▶ [Instructions to follow]: All records are to be printed exactly as they appear.

*** Opening of Records ***

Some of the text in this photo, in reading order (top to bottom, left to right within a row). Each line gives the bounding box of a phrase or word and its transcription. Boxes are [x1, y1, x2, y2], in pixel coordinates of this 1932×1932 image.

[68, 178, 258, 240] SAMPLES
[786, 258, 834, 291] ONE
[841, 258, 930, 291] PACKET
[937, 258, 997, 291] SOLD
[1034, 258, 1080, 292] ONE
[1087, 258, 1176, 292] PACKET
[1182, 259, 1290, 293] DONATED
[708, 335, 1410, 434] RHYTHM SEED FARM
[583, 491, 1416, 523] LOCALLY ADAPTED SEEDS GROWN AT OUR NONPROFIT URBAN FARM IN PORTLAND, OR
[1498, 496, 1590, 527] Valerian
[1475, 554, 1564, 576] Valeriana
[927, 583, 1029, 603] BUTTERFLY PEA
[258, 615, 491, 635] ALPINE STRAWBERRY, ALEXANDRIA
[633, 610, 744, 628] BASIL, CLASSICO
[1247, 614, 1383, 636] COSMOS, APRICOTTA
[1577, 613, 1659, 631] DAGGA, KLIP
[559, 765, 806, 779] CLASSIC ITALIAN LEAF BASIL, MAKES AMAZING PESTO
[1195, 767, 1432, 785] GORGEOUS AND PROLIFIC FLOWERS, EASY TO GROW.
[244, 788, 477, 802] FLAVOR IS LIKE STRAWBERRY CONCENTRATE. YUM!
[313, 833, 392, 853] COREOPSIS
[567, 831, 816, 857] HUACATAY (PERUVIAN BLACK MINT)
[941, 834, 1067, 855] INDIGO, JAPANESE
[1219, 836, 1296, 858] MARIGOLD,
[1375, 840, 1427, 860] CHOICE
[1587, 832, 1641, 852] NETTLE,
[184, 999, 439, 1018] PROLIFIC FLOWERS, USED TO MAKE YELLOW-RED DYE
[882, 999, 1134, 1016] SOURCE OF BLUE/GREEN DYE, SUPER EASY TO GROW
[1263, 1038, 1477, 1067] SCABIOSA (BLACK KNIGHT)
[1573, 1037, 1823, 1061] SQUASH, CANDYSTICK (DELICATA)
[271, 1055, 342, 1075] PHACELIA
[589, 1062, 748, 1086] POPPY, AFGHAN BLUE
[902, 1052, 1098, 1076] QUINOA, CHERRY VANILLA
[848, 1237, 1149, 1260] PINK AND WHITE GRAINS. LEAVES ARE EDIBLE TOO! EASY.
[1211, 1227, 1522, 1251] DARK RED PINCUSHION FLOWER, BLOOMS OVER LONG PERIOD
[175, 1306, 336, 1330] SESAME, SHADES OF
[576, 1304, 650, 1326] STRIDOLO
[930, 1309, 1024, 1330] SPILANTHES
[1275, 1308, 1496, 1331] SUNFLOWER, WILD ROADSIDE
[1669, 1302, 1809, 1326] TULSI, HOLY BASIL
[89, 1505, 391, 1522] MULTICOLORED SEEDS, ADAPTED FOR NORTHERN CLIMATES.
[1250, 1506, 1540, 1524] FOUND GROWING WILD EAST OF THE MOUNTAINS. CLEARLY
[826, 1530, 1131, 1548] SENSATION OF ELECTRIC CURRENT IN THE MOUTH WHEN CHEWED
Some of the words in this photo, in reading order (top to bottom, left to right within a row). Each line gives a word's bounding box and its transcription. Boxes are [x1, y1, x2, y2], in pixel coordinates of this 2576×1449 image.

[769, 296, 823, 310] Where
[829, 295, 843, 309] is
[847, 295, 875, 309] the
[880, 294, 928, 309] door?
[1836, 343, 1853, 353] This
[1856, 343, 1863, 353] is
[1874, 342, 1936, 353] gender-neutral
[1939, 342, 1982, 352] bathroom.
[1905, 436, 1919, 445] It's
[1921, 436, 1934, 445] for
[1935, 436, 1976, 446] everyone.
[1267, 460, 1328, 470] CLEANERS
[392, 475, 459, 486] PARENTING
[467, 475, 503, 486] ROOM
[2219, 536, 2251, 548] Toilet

*** Close of Records ***

▶ [Answer to this task]:
Some of the text in this photo, in reading order (top to bottom, left to right within a row). Each line gives the bounding box of a phrase or word and its transcription. Boxes are [x1, y1, x2, y2], in pixel coordinates of this 1932×1932 image.

[68, 178, 258, 240] SAMPLES
[786, 258, 834, 291] ONE
[841, 258, 930, 291] PACKET
[937, 258, 997, 291] SOLD
[1034, 258, 1080, 292] ONE
[1087, 258, 1176, 292] PACKET
[1182, 259, 1290, 293] DONATED
[708, 335, 1410, 434] RHYTHM SEED FARM
[583, 491, 1416, 523] LOCALLY ADAPTED SEEDS GROWN AT OUR NONPROFIT URBAN FARM IN PORTLAND, OR
[1498, 496, 1590, 527] Valerian
[1475, 554, 1564, 576] Valeriana
[927, 583, 1029, 603] BUTTERFLY PEA
[258, 615, 491, 635] ALPINE STRAWBERRY, ALEXANDRIA
[633, 610, 744, 628] BASIL, CLASSICO
[1247, 614, 1383, 636] COSMOS, APRICOTTA
[1577, 613, 1659, 631] DAGGA, KLIP
[559, 765, 806, 779] CLASSIC ITALIAN LEAF BASIL, MAKES AMAZING PESTO
[1195, 767, 1432, 785] GORGEOUS AND PROLIFIC FLOWERS, EASY TO GROW.
[244, 788, 477, 802] FLAVOR IS LIKE STRAWBERRY CONCENTRATE. YUM!
[313, 833, 392, 853] COREOPSIS
[567, 831, 816, 857] HUACATAY (PERUVIAN BLACK MINT)
[941, 834, 1067, 855] INDIGO, JAPANESE
[1219, 836, 1296, 858] MARIGOLD,
[1375, 840, 1427, 860] CHOICE
[1587, 832, 1641, 852] NETTLE,
[184, 999, 439, 1018] PROLIFIC FLOWERS, USED TO MAKE YELLOW-RED DYE
[882, 999, 1134, 1016] SOURCE OF BLUE/GREEN DYE, SUPER EASY TO GROW
[1263, 1038, 1477, 1067] SCABIOSA (BLACK KNIGHT)
[1573, 1037, 1823, 1061] SQUASH, CANDYSTICK (DELICATA)
[271, 1055, 342, 1075] PHACELIA
[589, 1062, 748, 1086] POPPY, AFGHAN BLUE
[902, 1052, 1098, 1076] QUINOA, CHERRY VANILLA
[848, 1237, 1149, 1260] PINK AND WHITE GRAINS. LEAVES ARE EDIBLE TOO! EASY.
[1211, 1227, 1522, 1251] DARK RED PINCUSHION FLOWER, BLOOMS OVER LONG PERIOD
[175, 1306, 336, 1330] SESAME, SHADES OF
[576, 1304, 650, 1326] STRIDOLO
[930, 1309, 1024, 1330] SPILANTHES
[1275, 1308, 1496, 1331] SUNFLOWER, WILD ROADSIDE
[1669, 1302, 1809, 1326] TULSI, HOLY BASIL
[89, 1505, 391, 1522] MULTICOLORED SEEDS, ADAPTED FOR NORTHERN CLIMATES.
[1250, 1506, 1540, 1524] FOUND GROWING WILD EAST OF THE MOUNTAINS. CLEARLY
[826, 1530, 1131, 1548] SENSATION OF ELECTRIC CURRENT IN THE MOUTH WHEN CHEWED
Some of the words in this photo, in reading order (top to bottom, left to right within a row). Each line gives a word's bounding box and its transcription. Boxes are [x1, y1, x2, y2], in pixel coordinates of this 2576×1449 image.

[769, 296, 823, 310] Where
[829, 295, 843, 309] is
[847, 295, 875, 309] the
[880, 294, 928, 309] door?
[1836, 343, 1853, 353] This
[1856, 343, 1863, 353] is
[1874, 342, 1936, 353] gender-neutral
[1939, 342, 1982, 352] bathroom.
[1905, 436, 1919, 445] It's
[1921, 436, 1934, 445] for
[1935, 436, 1976, 446] everyone.
[1267, 460, 1328, 470] CLEANERS
[392, 475, 459, 486] PARENTING
[467, 475, 503, 486] ROOM
[2219, 536, 2251, 548] Toilet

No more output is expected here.